Set down a true copy of the data, with all pictures left out.

*** Opening Provided data ***

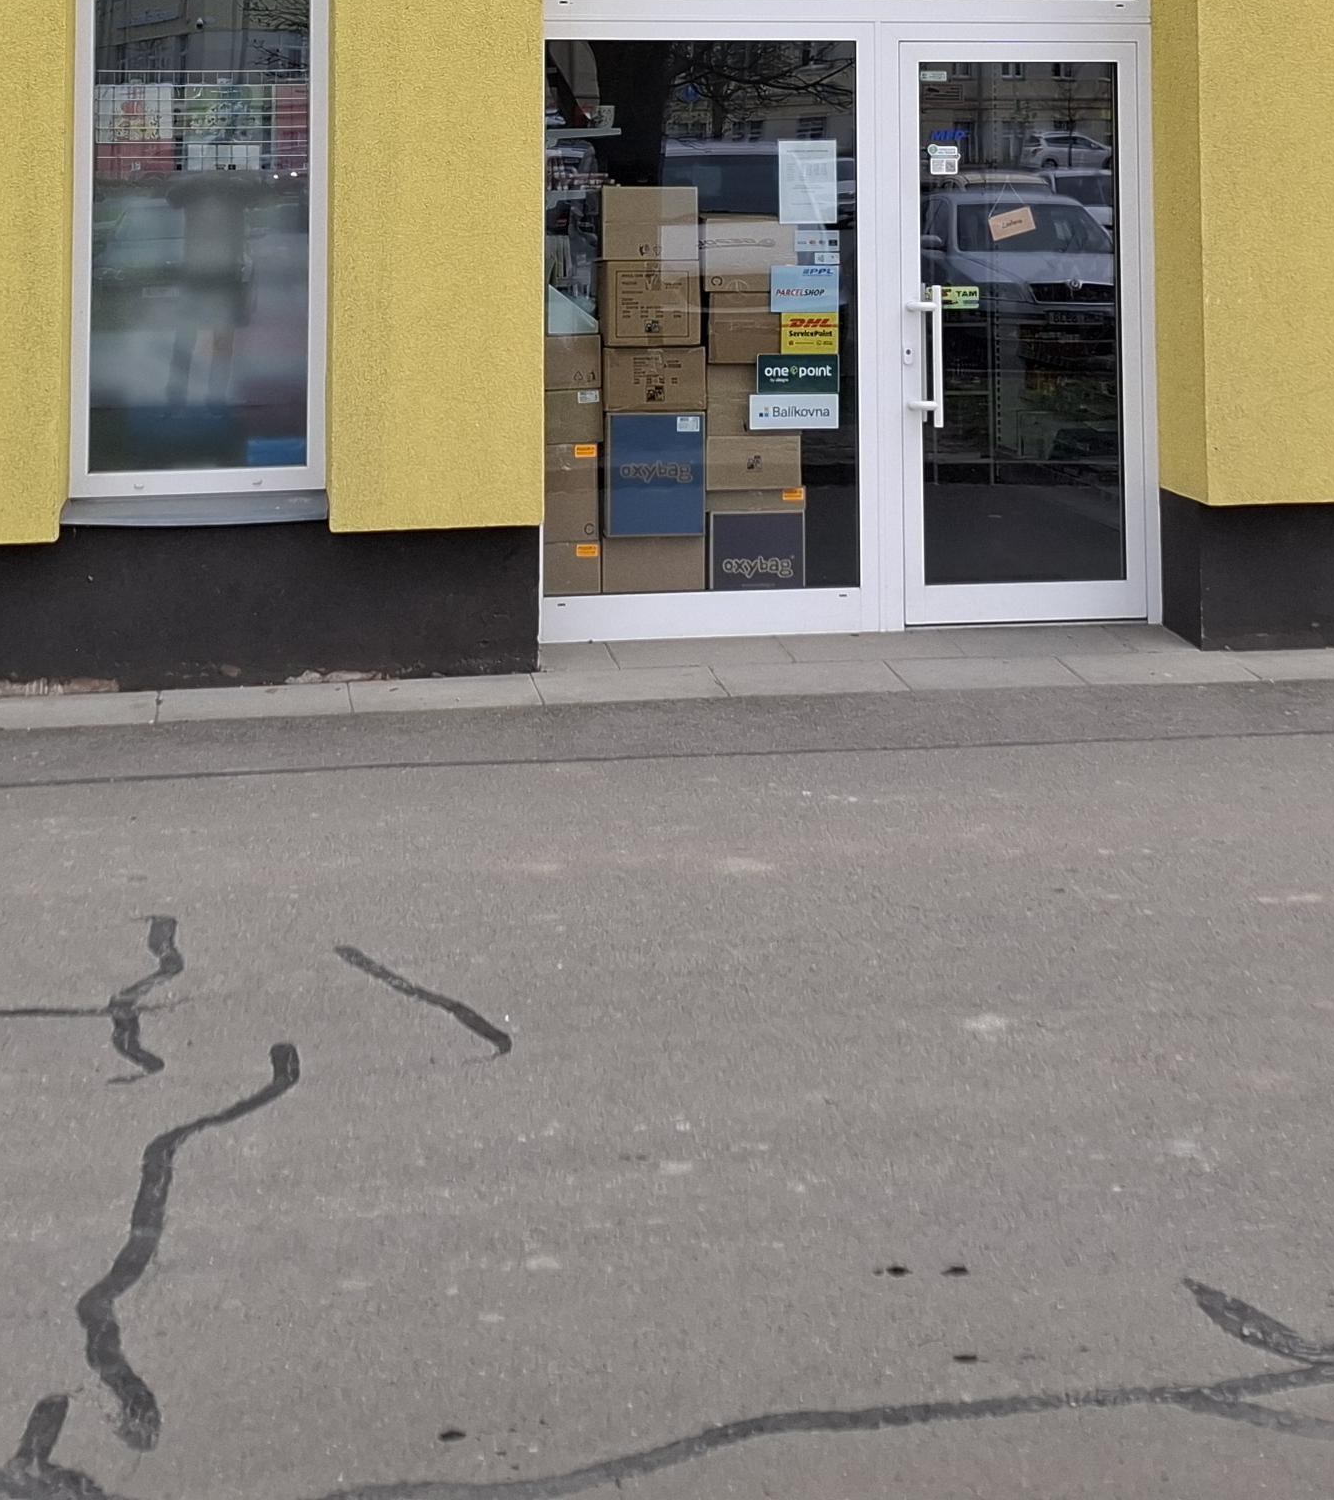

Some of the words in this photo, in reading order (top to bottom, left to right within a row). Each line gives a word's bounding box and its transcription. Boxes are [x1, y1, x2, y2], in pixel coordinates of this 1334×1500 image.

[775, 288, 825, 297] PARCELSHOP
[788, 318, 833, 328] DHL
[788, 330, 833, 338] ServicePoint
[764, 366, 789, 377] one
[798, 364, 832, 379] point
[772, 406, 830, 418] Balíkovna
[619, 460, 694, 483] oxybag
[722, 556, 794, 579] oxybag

*** Closing Provided data ***

Solution to the exercise:
Some of the words in this photo, in reading order (top to bottom, left to right within a row). Each line gives a word's bounding box and its transcription. Boxes are [x1, y1, x2, y2], in pixel coordinates of this 1334×1500 image.

[775, 288, 825, 297] PARCELSHOP
[788, 318, 833, 328] DHL
[788, 330, 833, 338] ServicePoint
[764, 366, 789, 377] one
[798, 364, 832, 379] point
[772, 406, 830, 418] Balíkovna
[619, 460, 694, 483] oxybag
[722, 556, 794, 579] oxybag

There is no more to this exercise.